Why are local variables definitely assigned in unreachable statements?
You're probably all familiar with the feature of C# which disallows reading from a local variable before it has been "definitely assigned":
void M()
{
int x;
if (Q())
x = 123;
if (R())
Console.WriteLine(x); // illegal!
}
This is illegal because there is a path through the code which, if taken, results in the local variable being read from before it has been assigned; in this case, if Q() returns false and R() returns true.
The reason why we want to make this illegal is not, as many people believe, because the local variable is going to be initialized to garbage and we want to protect you from garbage. We do in fact automatically initialize locals to their default values. (Though the C and C++ programming languages do not, and will cheerfully allow you to read garbage from an uninitialized local.) Rather, it is because the existence of such a code path is probably a bug, and we want to throw you in the pit of quality; you should have to work hard to write that bug.
The way in which the compiler determines if there is any path through the code which causes x to be read before it is written is quite interesting, but that's a subject for another day.
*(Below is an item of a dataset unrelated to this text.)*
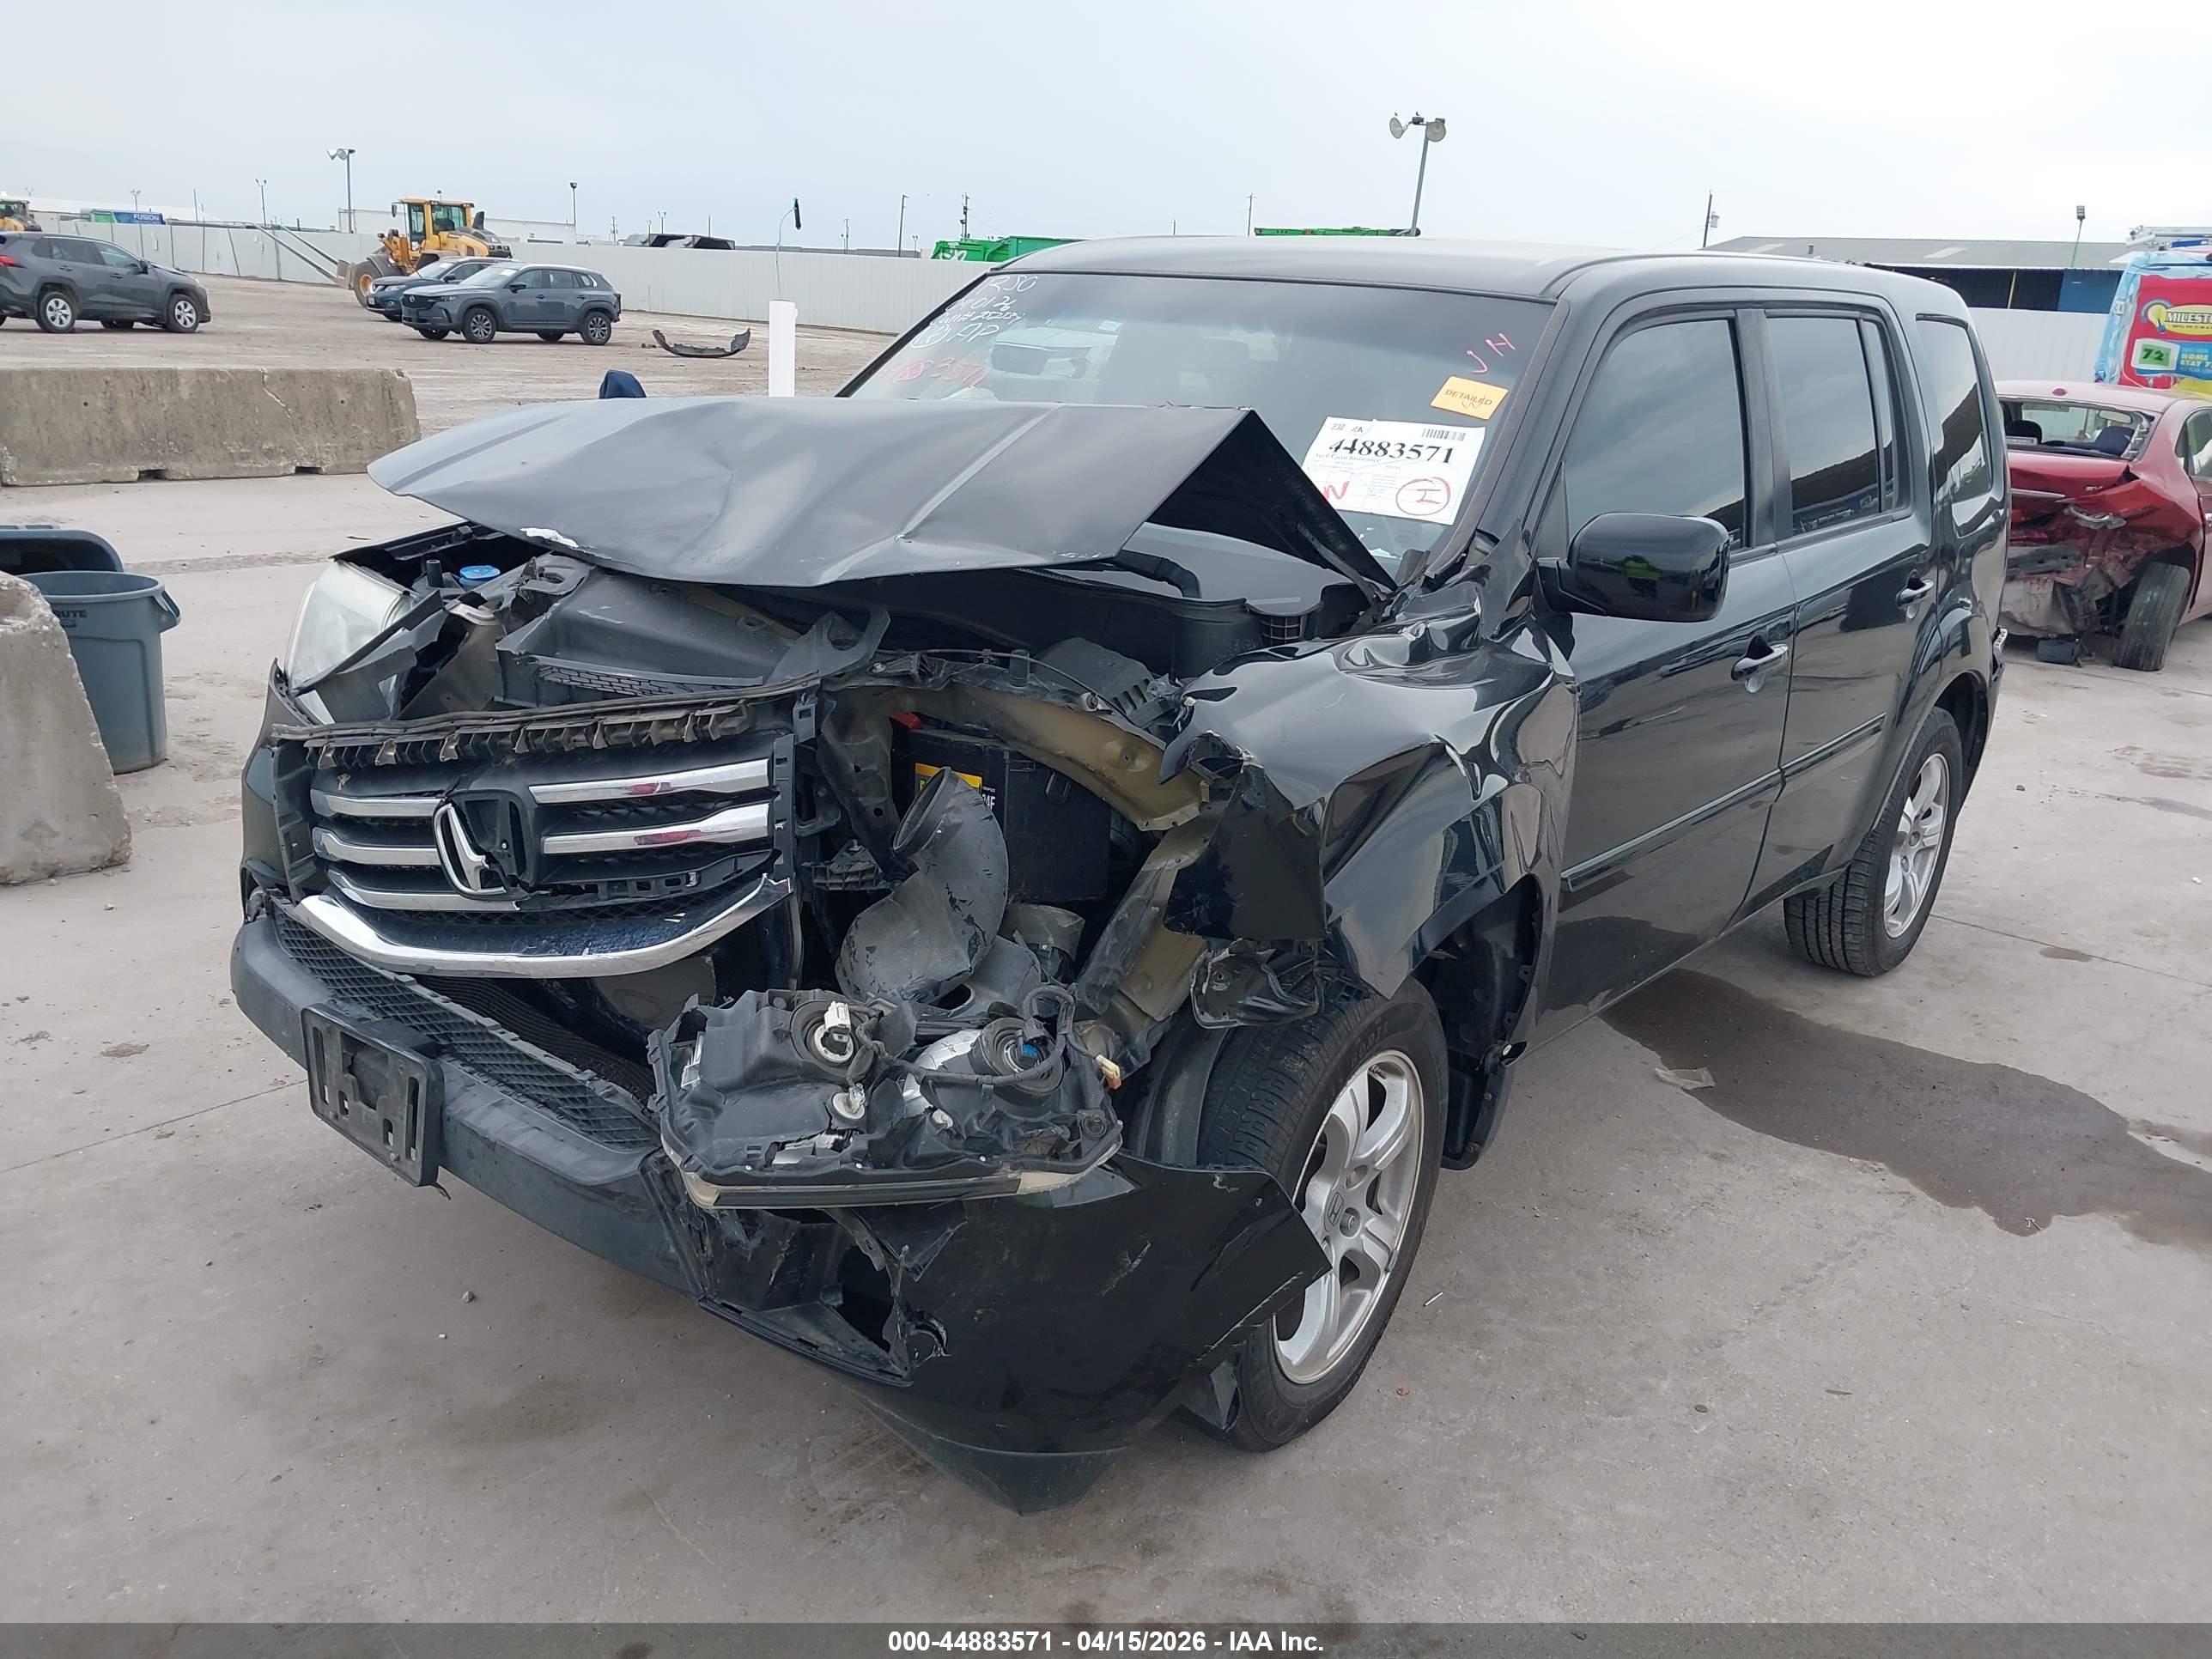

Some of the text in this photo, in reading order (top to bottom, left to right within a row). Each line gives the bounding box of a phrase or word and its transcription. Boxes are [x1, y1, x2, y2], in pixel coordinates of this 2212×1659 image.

The question I want to consider today is: why are local variables considered to be definitely assigned inside unreachable statements?
void M()
{
int x;
if (Q())
x = 123;
if (false)
Console.WriteLine(x); // legal!
}
First off, obviously the way I've described the feature immediately gives the intuition that this ought to be legal. Clearly there is no path through the code which results in the local variable being read before it is assigned. In fact, there is no path through the code that results in the local variable being read, period!
On the other hand: that code looks wrong. We do not allow syntax errors, or overload resolution errors, or convertibility errors, or any other kind of error, in an unreachable statement, so why should we allow definite assignment errors?
It's a subtle point, I admit. Here's the thing. You have to ask yourself "why is there unreachable code in the method in the first place?" Either that unreachable code is deliberate, or it is an error.
If it is an error, then something is deeply messed up here. The programmer did not intend the written control flow in the first place. It seems premature to guess at what the definite assignment errors are in the unreachable code, since the control flow that would be used to determine definite assignment state is wrong. We are going to give a warning about the unreachable code; the user can then notice the warning and fix the control flow. Once it is fixed, then we can consider whether there are definite assignment problems with the fixed control flow.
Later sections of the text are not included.